I was lucky and stumbled into Catholic teachings at the beginning of our marriage, here we are 20 + years later and I can attest to what you say “stay the course, you will one day see the reward”. The struggle came 5 years ago as our youngest’s Autism started to reveal itself and our economic situation hit a very real low. God is so good, he takes care of us. I long for the ability to remain home and not be concerned for where the next grocery money will come, but recognize that for now – this reality is our’s and we will make the best of it (and are). I still encourage Mom’s to stay home with their babies and children, be open to life and learn to enjoy the small things. We never did without, we always had hikes, walks to the park, birthday parties involved siblings picking out dollar store items and making a scavenger hunt for the birthday child etc..etc.. We live very, very simply – but sometimes even then you have to pay the bills.

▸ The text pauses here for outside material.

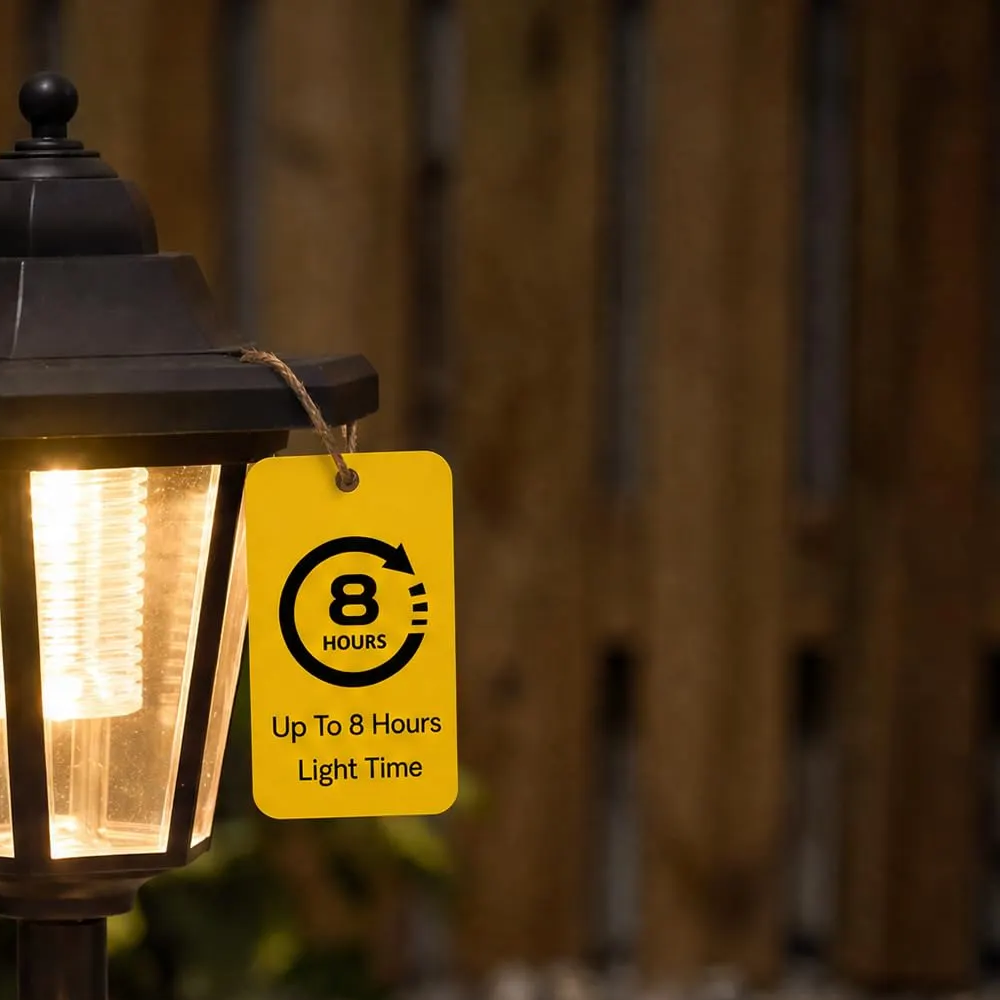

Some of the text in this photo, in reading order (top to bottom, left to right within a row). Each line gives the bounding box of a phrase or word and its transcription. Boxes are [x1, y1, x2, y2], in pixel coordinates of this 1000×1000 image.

[329, 573, 379, 626] 8
[323, 634, 387, 651] HOURS
[272, 712, 442, 744] Up To 8 Hours
[298, 756, 423, 787] Light Time

I love this post so much, and hope you will continue to encourage for the family. I know deep down in my heart that I wasn’t smart enough to have gotten where I’m at family wise due to having wisdom in the beginning, Familiaris Consortio was placed in my hands at about age 22 and it made a deep impression. Keep preaching Leila, it is needed in today’s world and oh my goodness do the young Mom’s need your voice!
Ashley says
Thank you for this – I can’t tell you how much I needed this. Lately I’ve been struggling with feeling like I wasted time early in our marriage and just feeling guilty about it. I really wish I would have known a lot of what you’ve shared earlier, but such is life. I just trust that the Lord will work all of this to good.
Ari says
Thank you so much for writing this. I never understood those people who say they live with no regrets. I certainly live with regrets, but God’s mercy is profound. Thank you, thank you, thank you. Such hope radiating.
Habou says
A beautiful post Leila. You’re a wonderful daughter.
maman says
Habou, blessings to you for the gift of your daughter.